__Listed entries__:
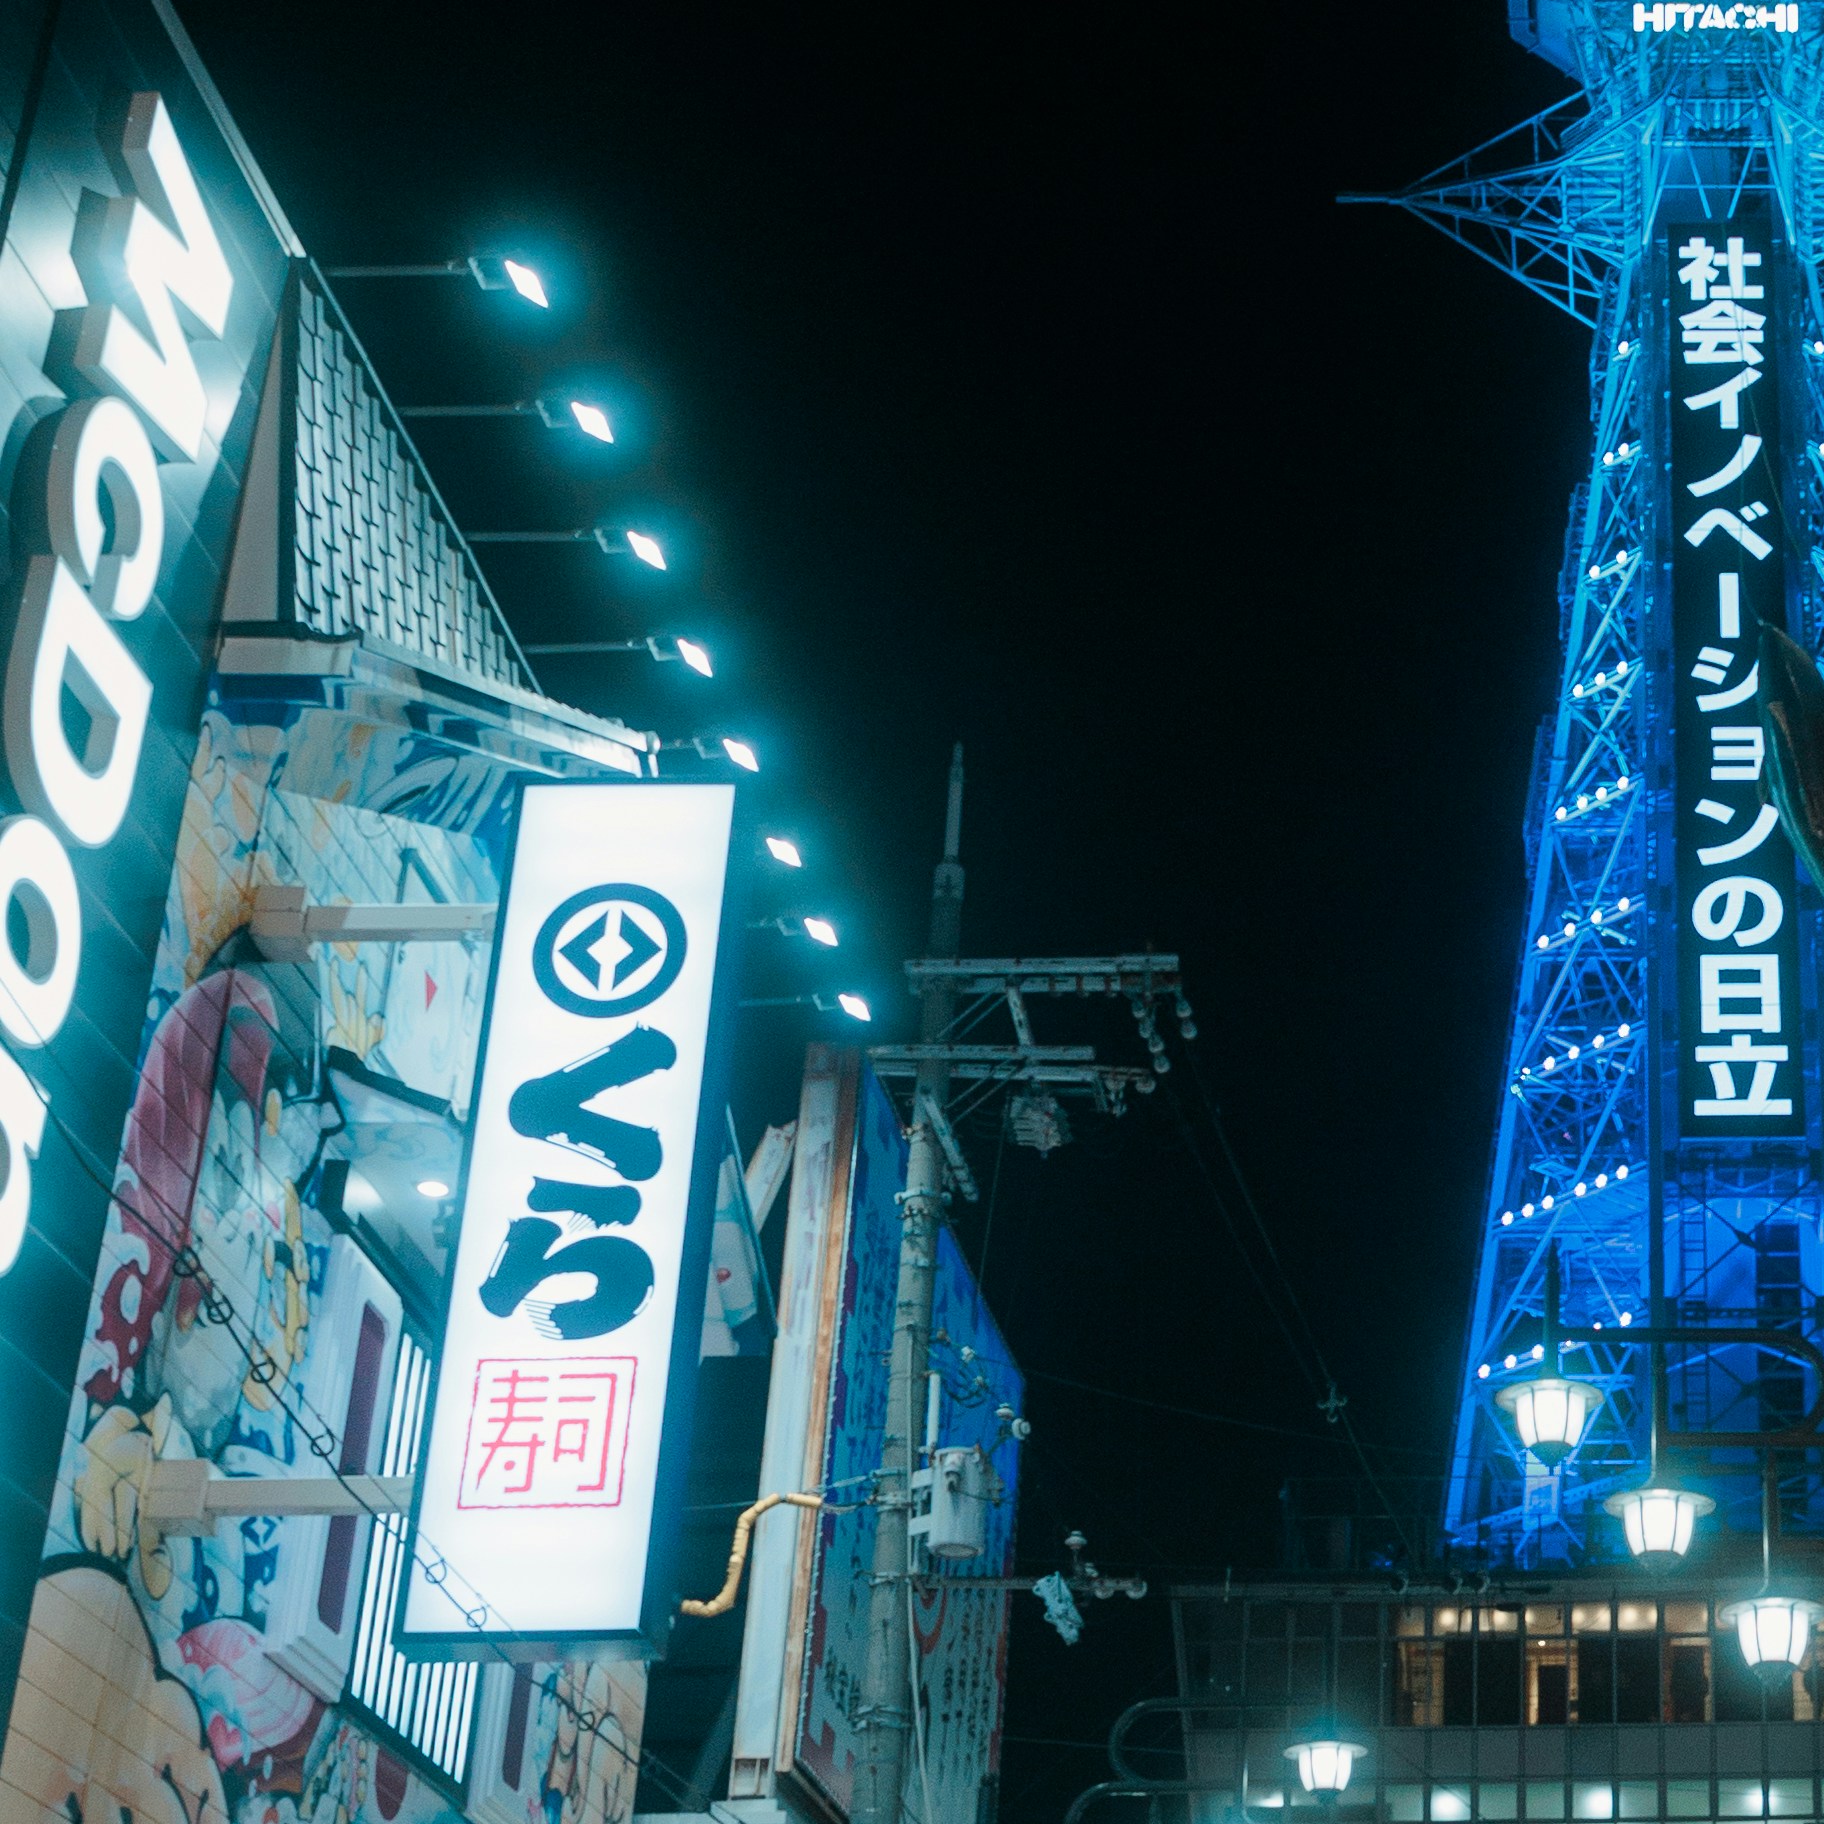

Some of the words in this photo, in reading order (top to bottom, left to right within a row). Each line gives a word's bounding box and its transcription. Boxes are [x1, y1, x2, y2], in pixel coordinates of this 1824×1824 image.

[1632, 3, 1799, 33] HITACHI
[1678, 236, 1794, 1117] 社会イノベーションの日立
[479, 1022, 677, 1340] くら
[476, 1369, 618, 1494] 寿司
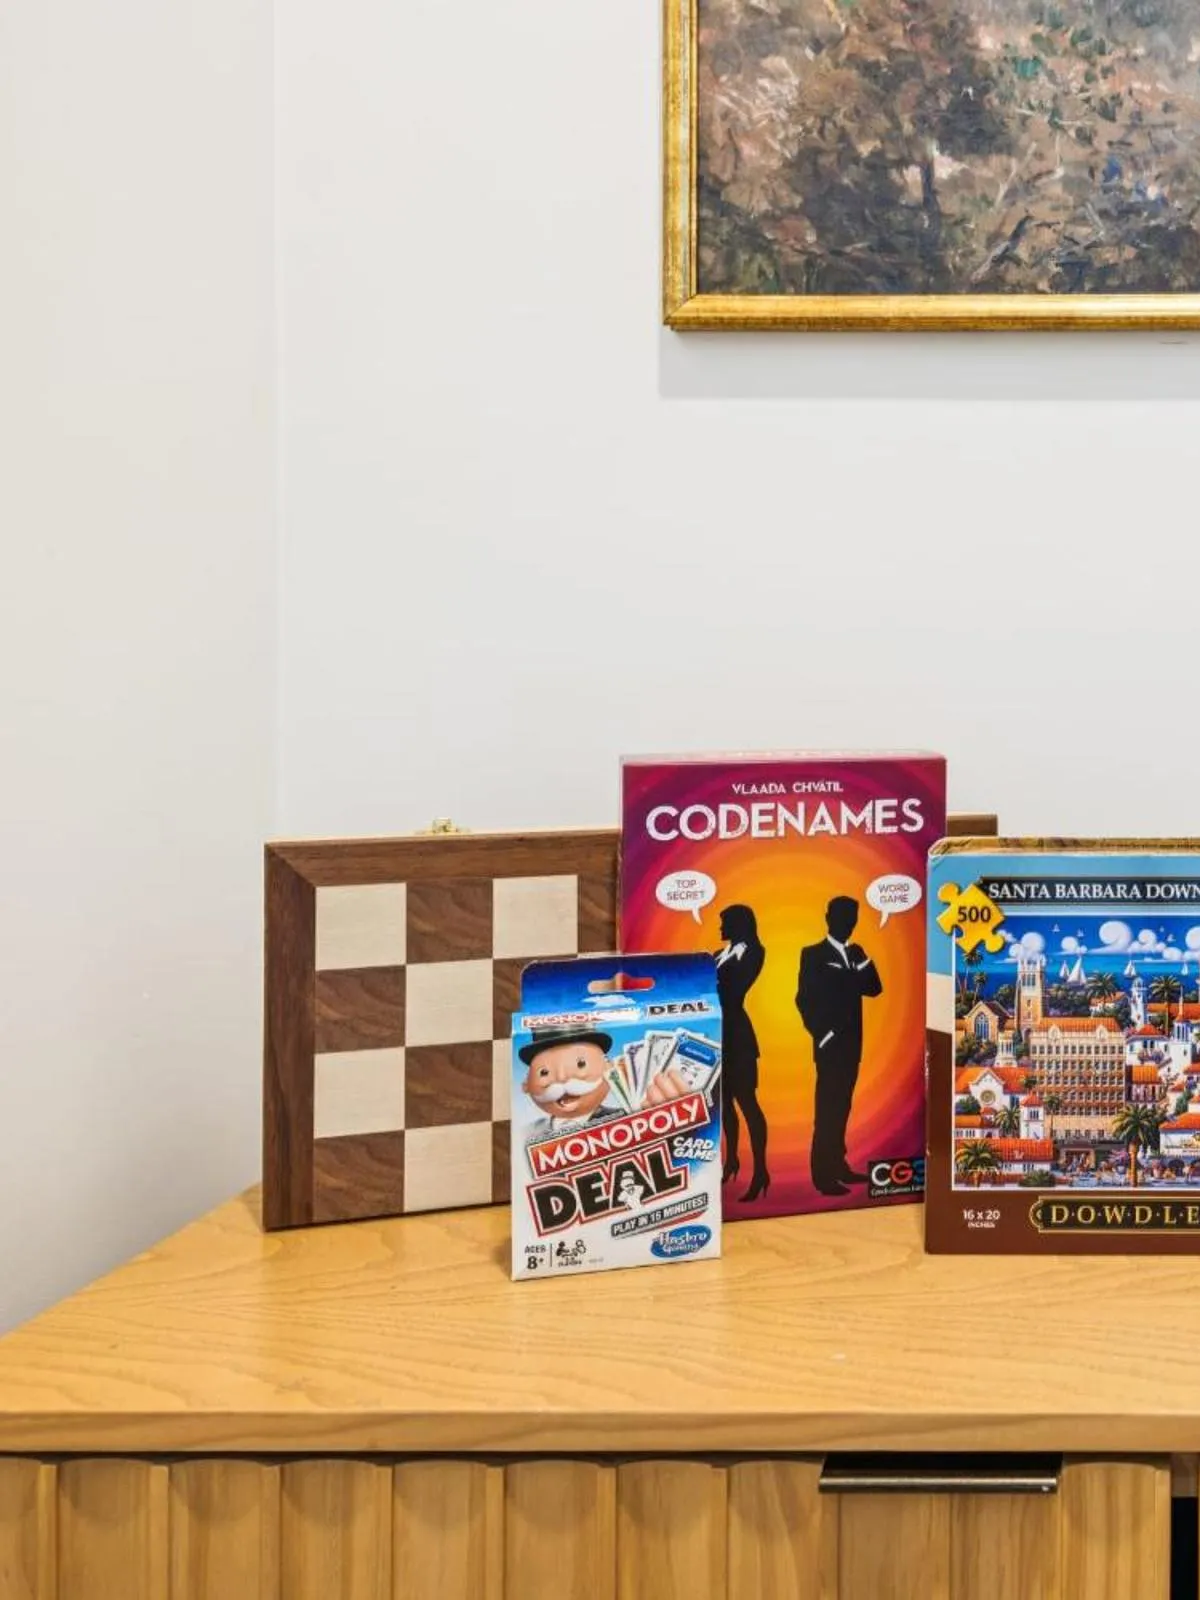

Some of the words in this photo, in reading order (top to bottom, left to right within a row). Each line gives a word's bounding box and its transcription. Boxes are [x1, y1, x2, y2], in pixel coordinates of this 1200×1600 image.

__Assignment__: A faithful, complete copy of the records above is required, one that contains no pictures.

__Exercise response__:
Some of the words in this photo, in reading order (top to bottom, left to right within a row). Each line gives a word's bounding box and its transcription. Boxes are [x1, y1, x2, y2], in pixel coordinates of this 1824×1824 image.

[1632, 3, 1799, 33] HITACHI
[1678, 236, 1794, 1117] 社会イノベーションの日立
[479, 1022, 677, 1340] くら
[476, 1369, 618, 1494] 寿司

Some of the words in this photo, in reading order (top to bottom, left to right within a row). Each line gives a word's bounding box and its transcription. Boxes are [x1, y1, x2, y2], in pixel coordinates of this 1200×1600 image.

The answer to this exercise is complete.